Nach einem Schlaganfall brauchen Betroffene Unterstützung bei Mobilität, Körperpflege, Ernährung und Medikamenten. Eine 24h-Betreuungskraft sichert den Alltag, reduziert Sturzrisiken und unterstützt die Rehabilitation — ergänzend zu Physio-, Ergo- und Logopädie.
Welchen Pflegegrad bekommt man nach einem Schlaganfall?
Leichte Fälle erhalten oft Pflegegrad 2–3, schwere Fälle mit Lähmungen und Kommunikationseinschränkungen Pflegegrad 4–5. Den Antrag sollte man so früh wie möglich stellen — noch aus dem Krankenhaus heraus.
Wie viel kostet 24h-Pflege nach Schlaganfall?
Die Bruttokosten liegen bei 2.400–3.500 €/Monat. Nach Abzug von Pflegegeld, Entlastungsbetrag und Steuerbonus sinkt der Eigenanteil bei PG 4 oft auf unter 1.500 €/Monat.
Kann man nach einem Schlaganfall wirklich zu Hause bleiben?
Ja — für viele Betroffene ist die Versorgung zu Hause möglich und therapeutisch sogar vorteilhaft. Voraussetzung sind eine angepasste Wohnsituation, eine erfahrene Betreuungskraft und ein ergänzendes ambulantes Pflegeteam.
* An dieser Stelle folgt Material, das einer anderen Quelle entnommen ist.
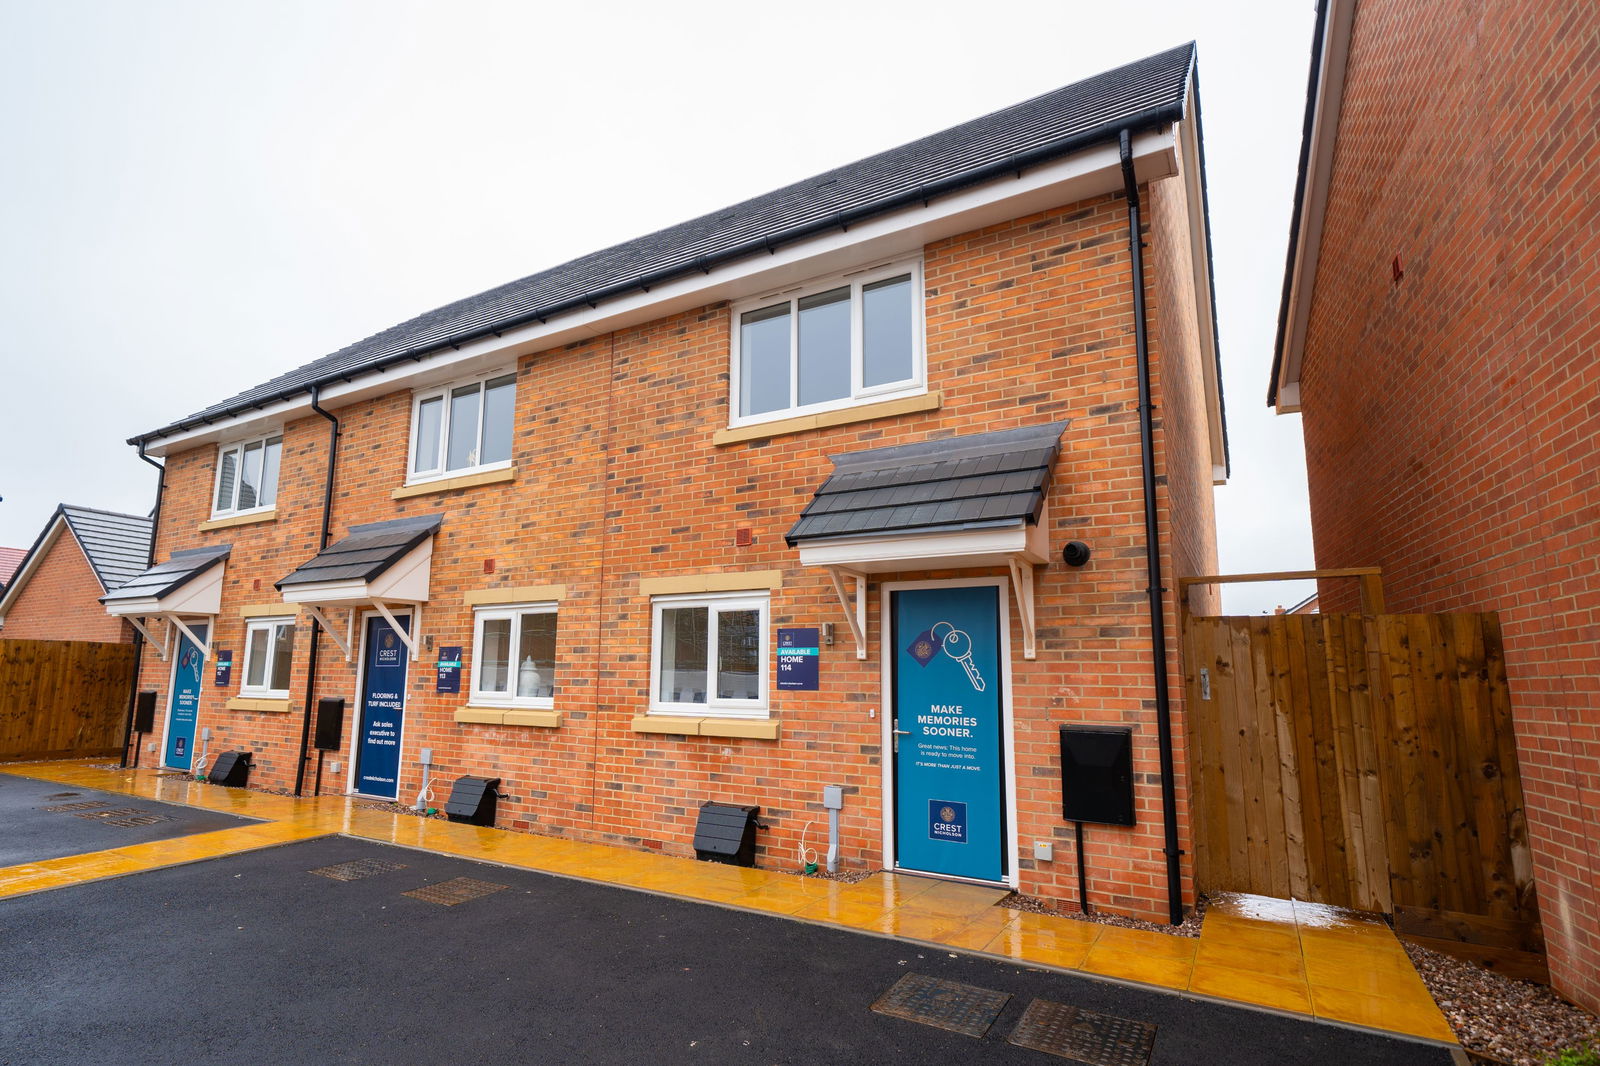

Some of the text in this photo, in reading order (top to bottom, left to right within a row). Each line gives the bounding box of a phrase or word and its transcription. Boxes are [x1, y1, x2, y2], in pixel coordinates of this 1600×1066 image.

[379, 649, 397, 657] CREST
[931, 704, 962, 714] MAKE
[918, 715, 977, 726] MEMORIES
[923, 726, 974, 738] SOONER.
[934, 822, 962, 832] CREST
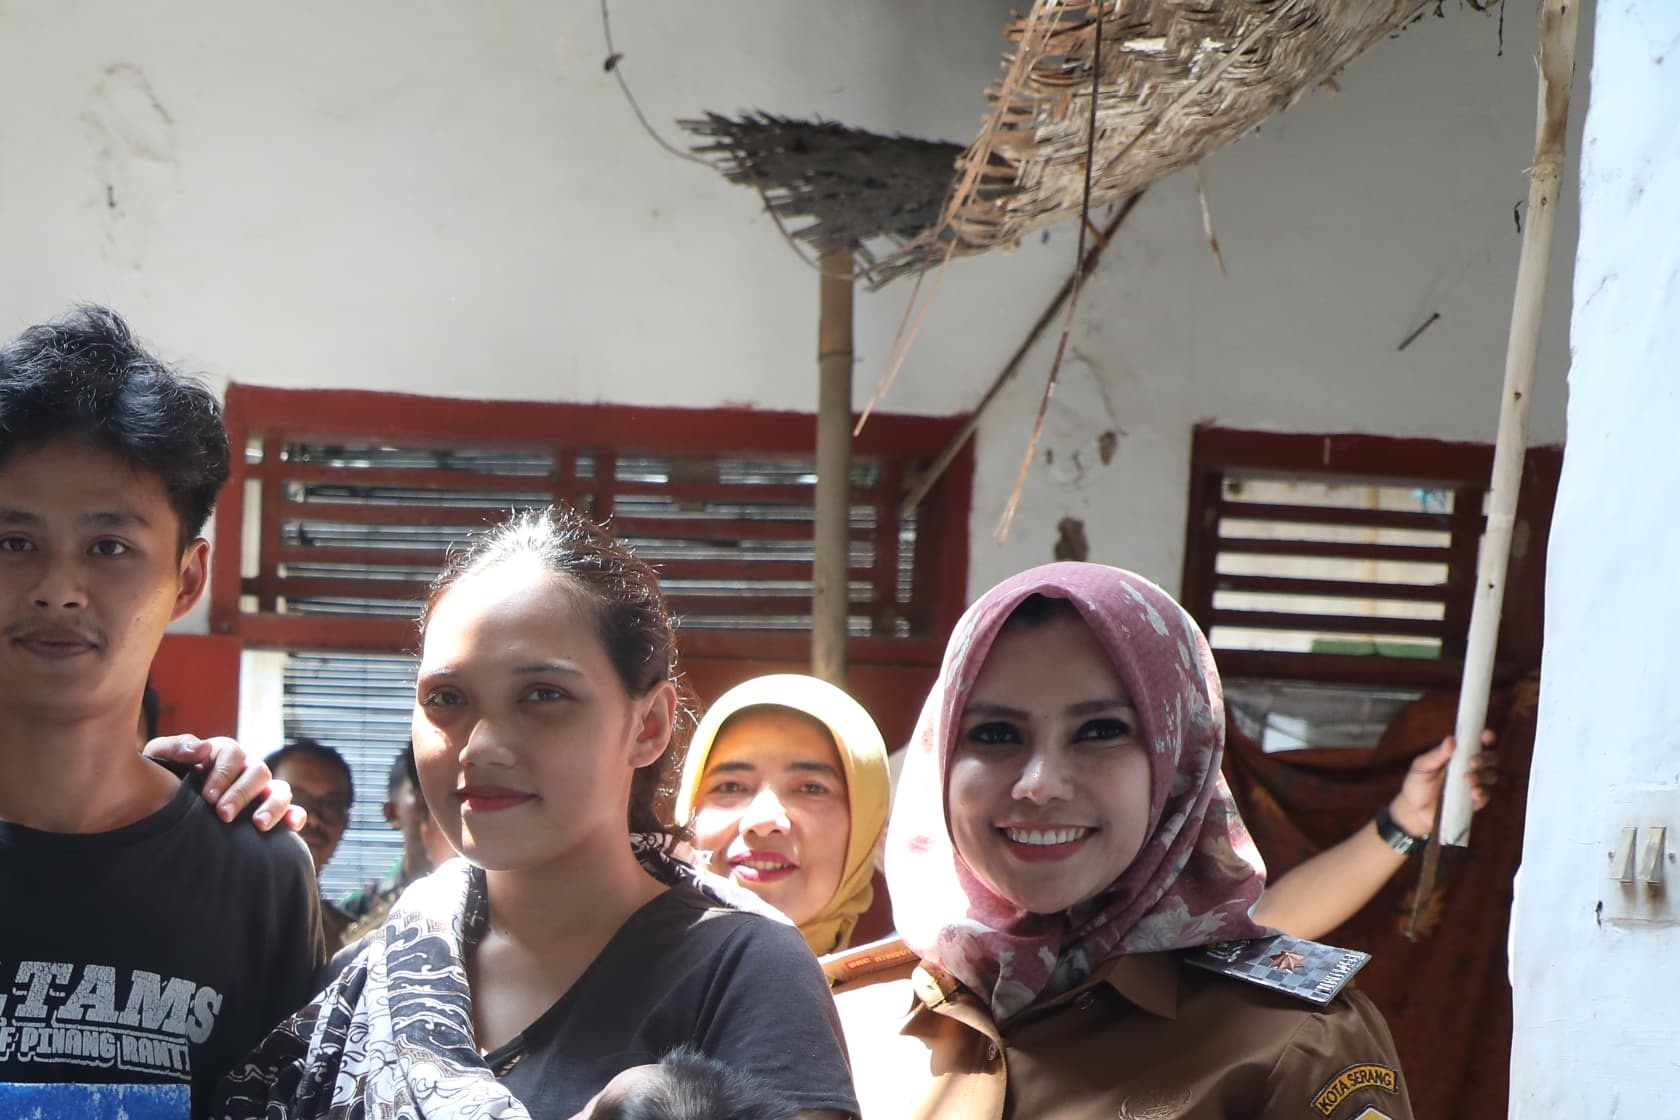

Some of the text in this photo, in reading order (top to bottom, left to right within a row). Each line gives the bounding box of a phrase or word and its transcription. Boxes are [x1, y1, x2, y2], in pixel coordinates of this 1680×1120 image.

[20, 1027, 116, 1058] PINANG
[1319, 1069, 1392, 1112] KOTA SERANG
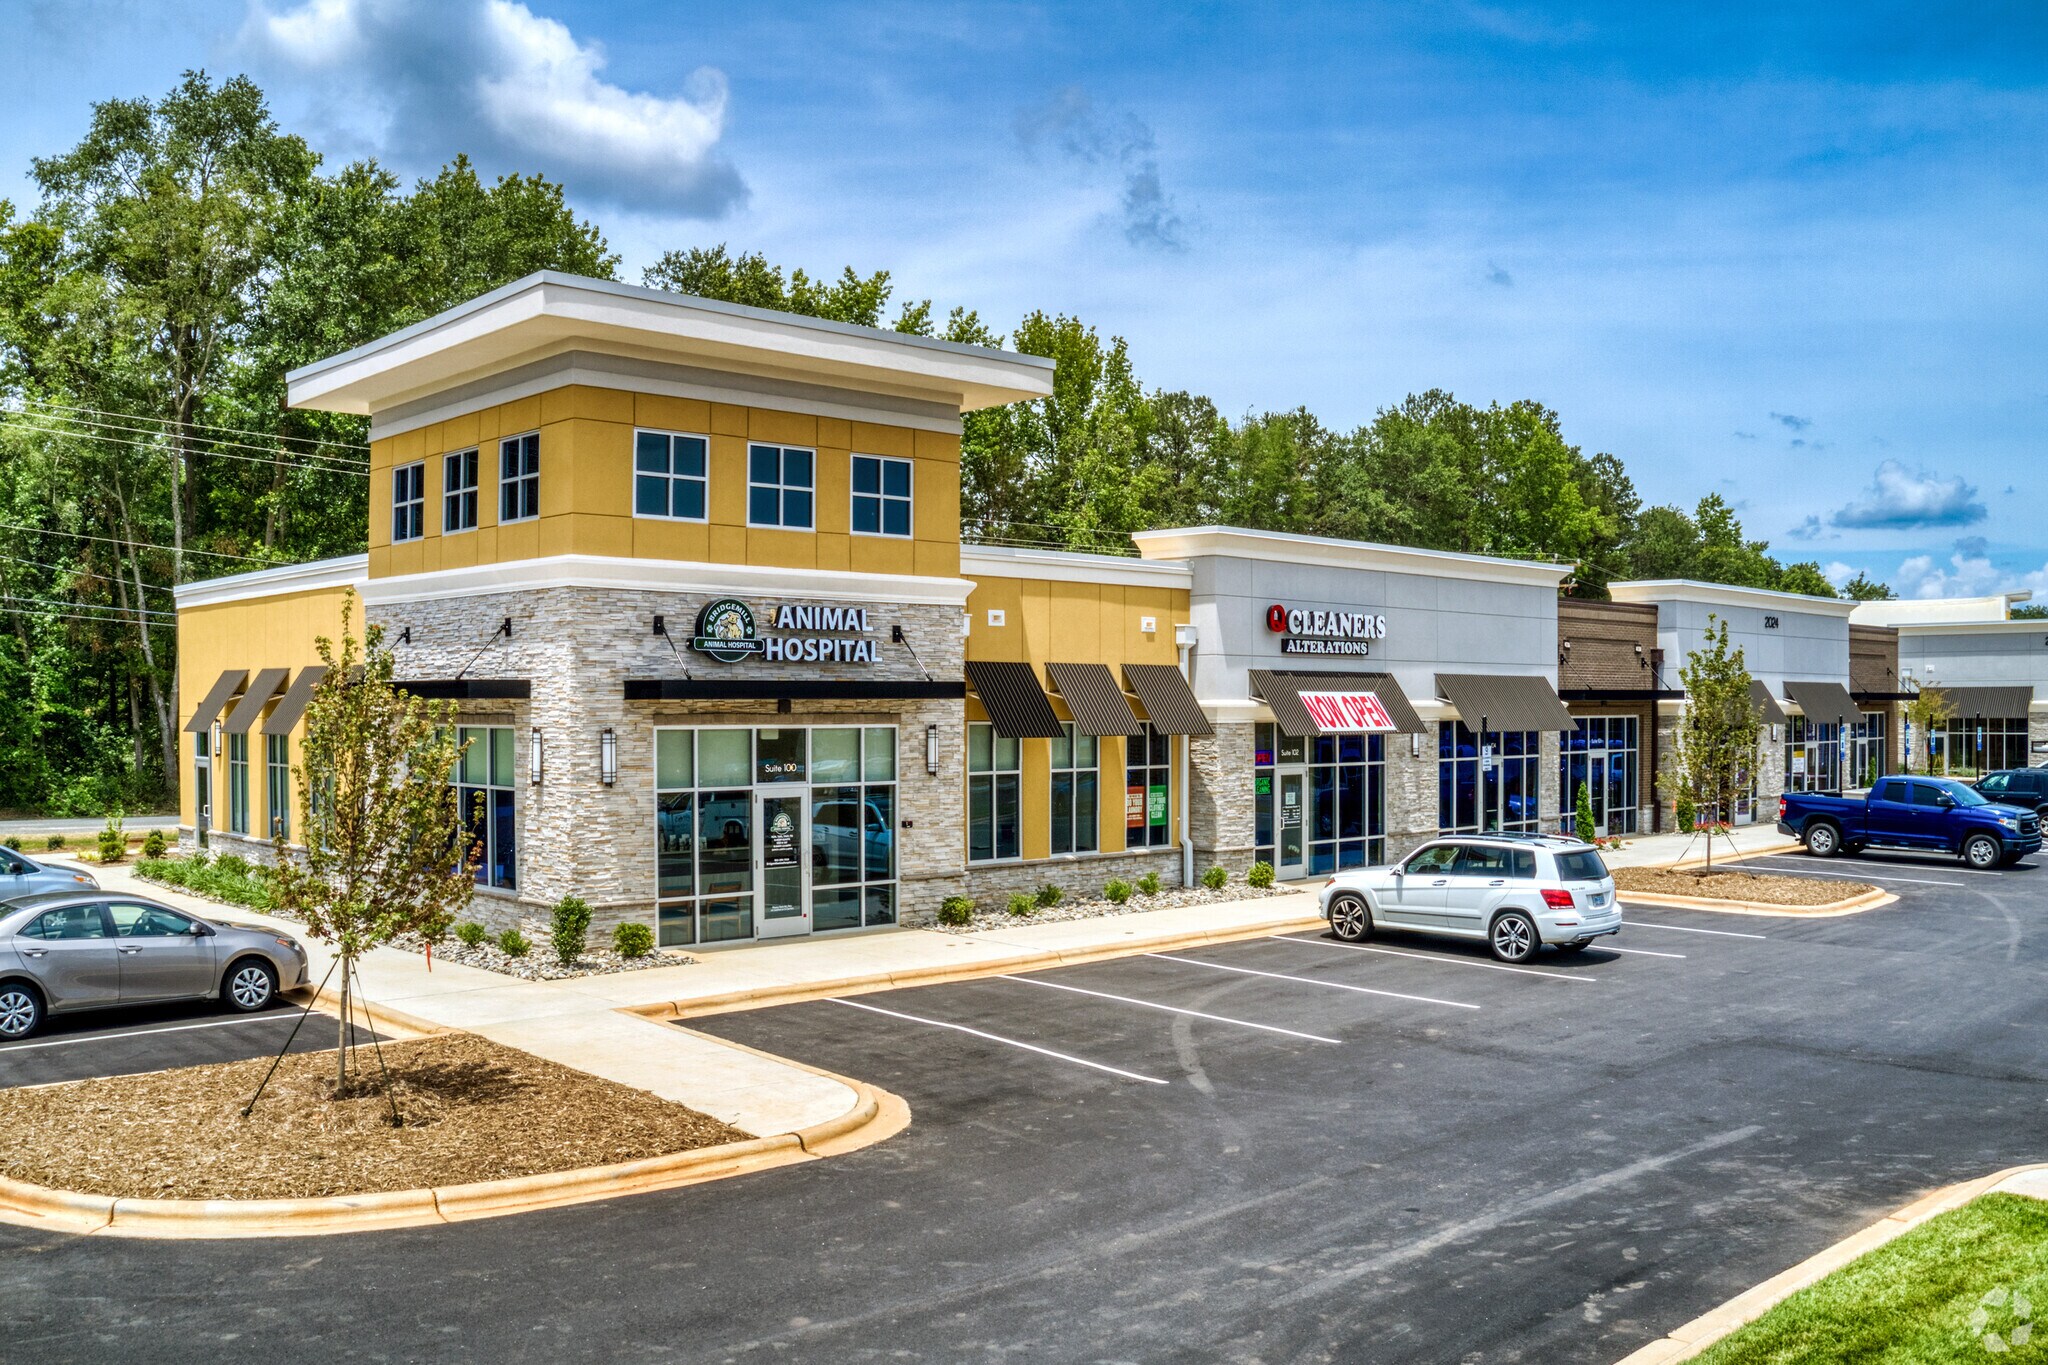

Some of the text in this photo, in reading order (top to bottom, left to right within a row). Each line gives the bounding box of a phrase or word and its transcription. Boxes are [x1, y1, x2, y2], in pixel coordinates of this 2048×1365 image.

[709, 603, 751, 624] BRIDGEMILL
[777, 605, 874, 632] ANIMAL
[1267, 604, 1386, 639] Q CLEANERS
[1764, 616, 1779, 629] 2024
[703, 640, 756, 650] ANIMAL HOSPITAL
[766, 637, 883, 663] HOSPITAL
[1286, 640, 1368, 655] ALTERATIONS
[1301, 695, 1393, 729] NOW OPEN
[1255, 753, 1270, 763] PEN
[765, 763, 797, 773] Suite 100
Was unterscheidet 24h-Pflege bei Schlaganfall von normaler Seniorenbetreuung?
Schlaganfall-Pflege erfordert Kenntnisse in Transfertechniken, Dysphagie, Aphasie-Kommunikation und Antikoagulanzien. Lumira wählt gezielt erfahrene Kräfte aus und bereitet diese auf den konkreten Fall vor.
Welche Aufgaben übernimmt die Betreuungskraft nach einem Schlaganfall?
Grundpflege, Mobilisierungsübungen nach Anleitung, Mahlzeitenvorbereitung, Medikamentenerinnerung, Begleitung zu Terminen und Sturzüberwachung. Medizinische Behandlungspflege bleibt beim ambulanten Pflegedienst.